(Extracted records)
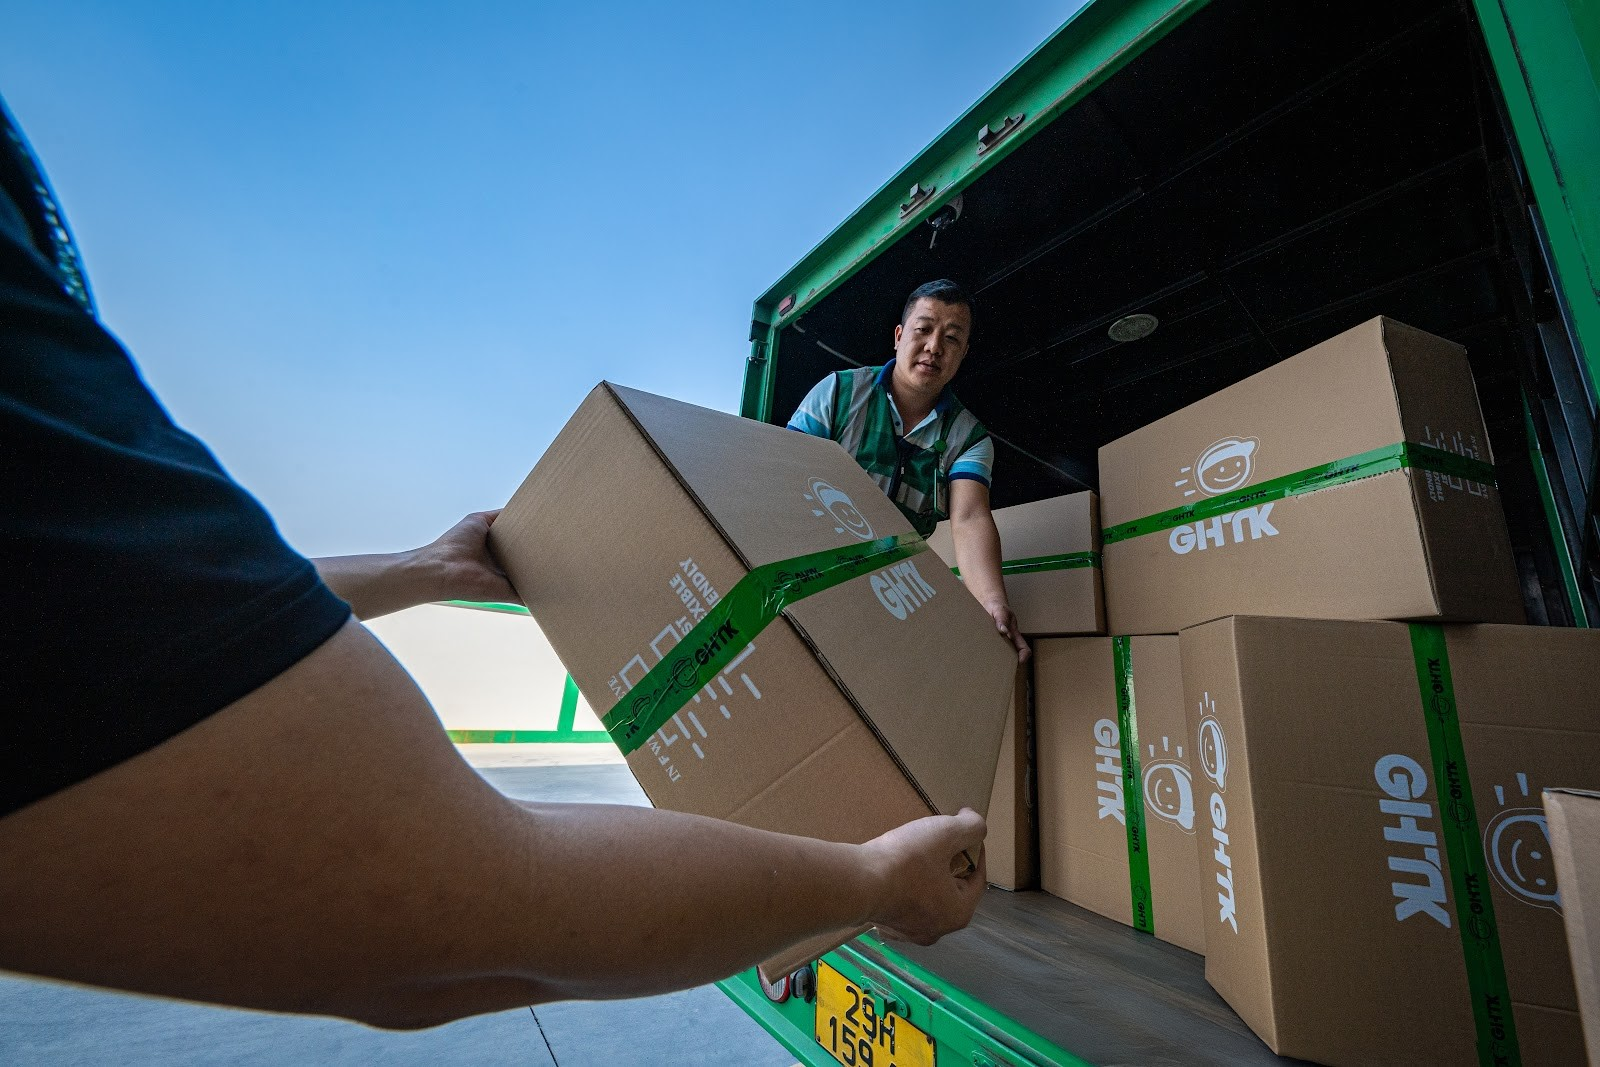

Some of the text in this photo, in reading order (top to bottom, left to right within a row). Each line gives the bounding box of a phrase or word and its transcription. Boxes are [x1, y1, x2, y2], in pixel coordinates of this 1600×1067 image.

[1169, 502, 1280, 556] GHTK
[1172, 509, 1196, 522] GHTK
[870, 560, 937, 621] GHTK
[674, 616, 694, 636] ST
[694, 617, 740, 666] GHTK
[1427, 657, 1444, 694] GHTK
[658, 755, 671, 766] F
[665, 764, 682, 782] IN
[1093, 718, 1126, 827] GHTK
[1445, 759, 1464, 801] GHTK
[1132, 826, 1141, 854] GHTK
[1375, 754, 1452, 929] GHTK
[1209, 793, 1238, 935] GHTK
[1464, 871, 1485, 915] GHTK
[845, 985, 895, 1056] 29H
[1485, 993, 1506, 1041] GHTK
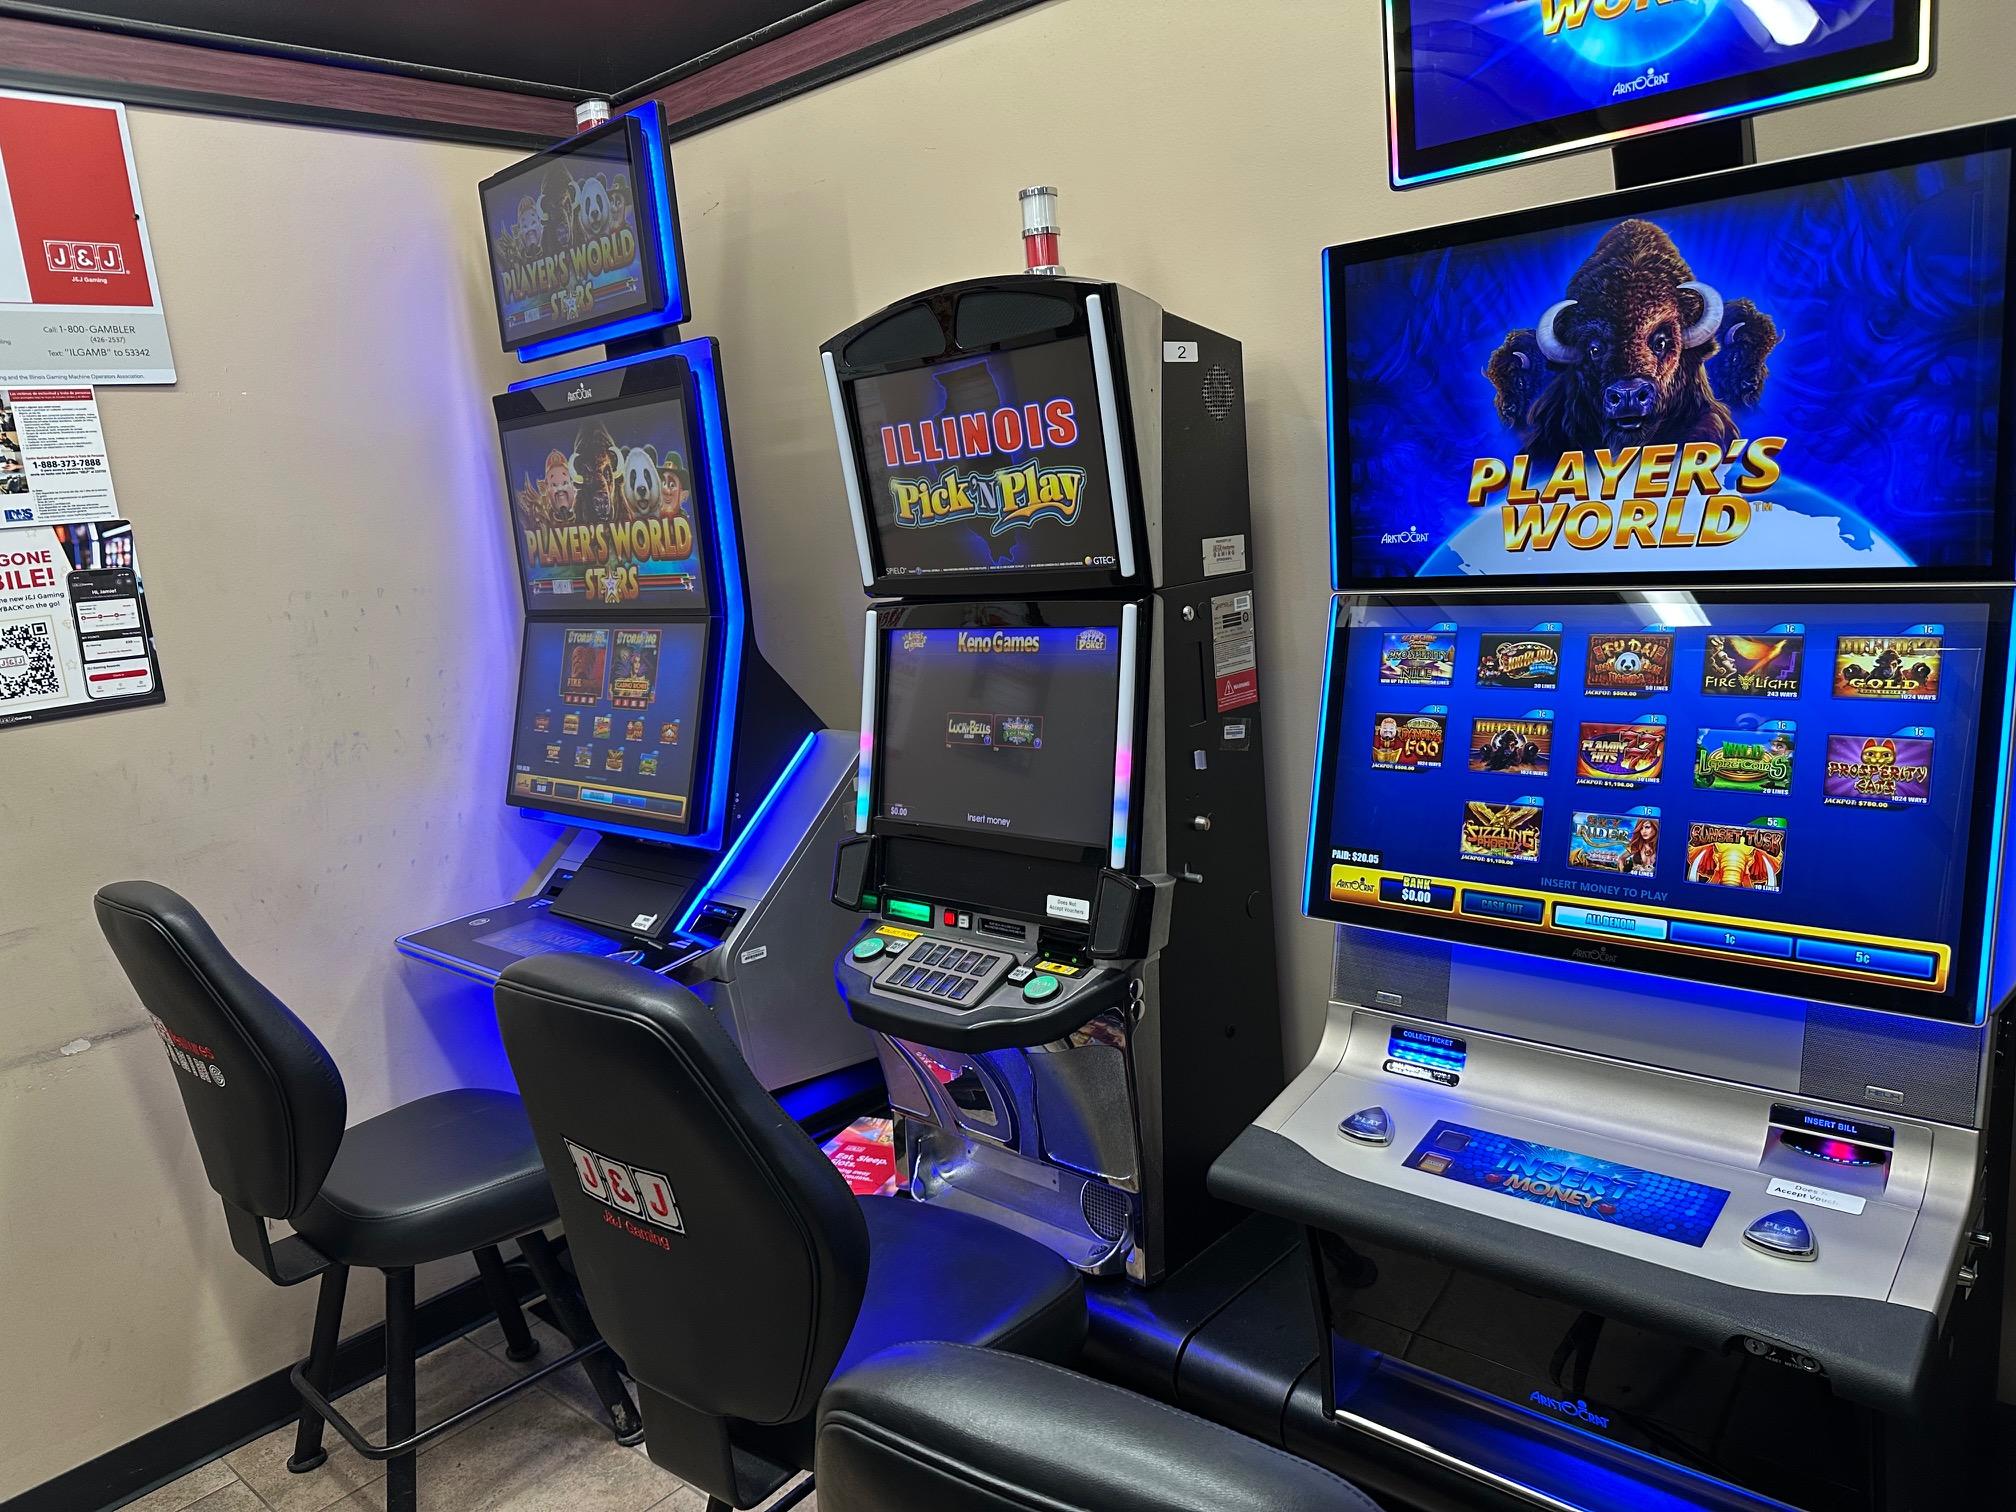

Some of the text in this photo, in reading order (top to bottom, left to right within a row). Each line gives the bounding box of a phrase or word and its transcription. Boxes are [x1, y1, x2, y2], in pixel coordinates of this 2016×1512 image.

[1613, 67, 1669, 96] ARISTOCRAT
[502, 229, 635, 305] PLAYER'S WORLD
[84, 277, 108, 285] Gaming
[59, 325, 136, 335] 1-800-GAMBLER
[113, 349, 124, 357] to
[125, 349, 151, 357] 53342
[1177, 346, 1187, 359] 2
[881, 399, 1078, 466] ILLINOIS
[33, 458, 101, 469] 1-888-373-7888
[1467, 436, 1787, 507] PLAYER'S
[898, 468, 973, 519] Pick
[1000, 462, 1085, 522] Play
[1500, 496, 1754, 553] WORLD
[525, 516, 693, 568] PLAYER'S WORLD
[1381, 525, 1430, 545] ARISTOCRAT
[37, 592, 65, 600] Gaming
[49, 601, 60, 609] go!
[957, 630, 1040, 653] Keno Games
[1704, 676, 1798, 690] FIRE LIGHT
[1849, 678, 1920, 690] GOLD
[1405, 739, 1439, 756] FOO
[1590, 751, 1618, 763] HITS
[1827, 761, 1928, 783] PROSPERITY
[1854, 777, 1897, 795] CATS
[1824, 798, 1858, 806] JACKPOT:
[1908, 796, 1928, 804] WAYS
[890, 806, 908, 816] $0.00
[967, 813, 1011, 828] Insert money
[1466, 826, 1535, 851] SIZZLING
[1576, 823, 1630, 841] RIDER
[1690, 824, 1784, 857] SUNSET TUSK
[1331, 849, 1379, 864] PAID: $20.05
[1402, 876, 1432, 890] BANK
[1540, 877, 1668, 901] INSERT MONEY TO PLAY
[1401, 888, 1432, 904] $0.00
[1049, 904, 1064, 912] Accept
[1481, 899, 1524, 914] CASH OUT
[1585, 913, 1636, 930] ALL DENOM
[1403, 1030, 1454, 1047] COLLECT TICKET
[1354, 1113, 1383, 1127] PLAY
[1803, 1116, 1858, 1134] INSERT BILL
[1496, 1150, 1637, 1200] INSERT
[1503, 1174, 1601, 1209] MONEY
[1774, 1186, 1842, 1207] Accept Vouch
[625, 1219, 671, 1251] Gaming
[1764, 1221, 1802, 1235] PLAY
[1529, 1390, 1610, 1429] ARISTOCRAT

▸ Requirement:
Repeat every record above exactly, except the pictures.

▸ Completed task:
Some of the text in this photo, in reading order (top to bottom, left to right within a row). Each line gives the bounding box of a phrase or word and its transcription. Boxes are [x1, y1, x2, y2], in pixel coordinates of this 1600×1067 image.

[1169, 502, 1280, 556] GHTK
[1172, 509, 1196, 522] GHTK
[870, 560, 937, 621] GHTK
[674, 616, 694, 636] ST
[694, 617, 740, 666] GHTK
[1427, 657, 1444, 694] GHTK
[658, 755, 671, 766] F
[665, 764, 682, 782] IN
[1093, 718, 1126, 827] GHTK
[1445, 759, 1464, 801] GHTK
[1132, 826, 1141, 854] GHTK
[1375, 754, 1452, 929] GHTK
[1209, 793, 1238, 935] GHTK
[1464, 871, 1485, 915] GHTK
[845, 985, 895, 1056] 29H
[1485, 993, 1506, 1041] GHTK

Some of the text in this photo, in reading order (top to bottom, left to right within a row). Each line gives the bounding box of a phrase or word and its transcription. Boxes are [x1, y1, x2, y2], in pixel coordinates of this 2016×1512 image.

[1613, 67, 1669, 96] ARISTOCRAT
[502, 229, 635, 305] PLAYER'S WORLD
[84, 277, 108, 285] Gaming
[59, 325, 136, 335] 1-800-GAMBLER
[113, 349, 124, 357] to
[125, 349, 151, 357] 53342
[1177, 346, 1187, 359] 2
[881, 399, 1078, 466] ILLINOIS
[33, 458, 101, 469] 1-888-373-7888
[1467, 436, 1787, 507] PLAYER'S
[898, 468, 973, 519] Pick
[1000, 462, 1085, 522] Play
[1500, 496, 1754, 553] WORLD
[525, 516, 693, 568] PLAYER'S WORLD
[1381, 525, 1430, 545] ARISTOCRAT
[37, 592, 65, 600] Gaming
[49, 601, 60, 609] go!
[957, 630, 1040, 653] Keno Games
[1704, 676, 1798, 690] FIRE LIGHT
[1849, 678, 1920, 690] GOLD
[1405, 739, 1439, 756] FOO
[1590, 751, 1618, 763] HITS
[1827, 761, 1928, 783] PROSPERITY
[1854, 777, 1897, 795] CATS
[1824, 798, 1858, 806] JACKPOT:
[1908, 796, 1928, 804] WAYS
[890, 806, 908, 816] $0.00
[967, 813, 1011, 828] Insert money
[1466, 826, 1535, 851] SIZZLING
[1576, 823, 1630, 841] RIDER
[1690, 824, 1784, 857] SUNSET TUSK
[1331, 849, 1379, 864] PAID: $20.05
[1402, 876, 1432, 890] BANK
[1540, 877, 1668, 901] INSERT MONEY TO PLAY
[1401, 888, 1432, 904] $0.00
[1049, 904, 1064, 912] Accept
[1481, 899, 1524, 914] CASH OUT
[1585, 913, 1636, 930] ALL DENOM
[1403, 1030, 1454, 1047] COLLECT TICKET
[1354, 1113, 1383, 1127] PLAY
[1803, 1116, 1858, 1134] INSERT BILL
[1496, 1150, 1637, 1200] INSERT
[1503, 1174, 1601, 1209] MONEY
[1774, 1186, 1842, 1207] Accept Vouch
[625, 1219, 671, 1251] Gaming
[1764, 1221, 1802, 1235] PLAY
[1529, 1390, 1610, 1429] ARISTOCRAT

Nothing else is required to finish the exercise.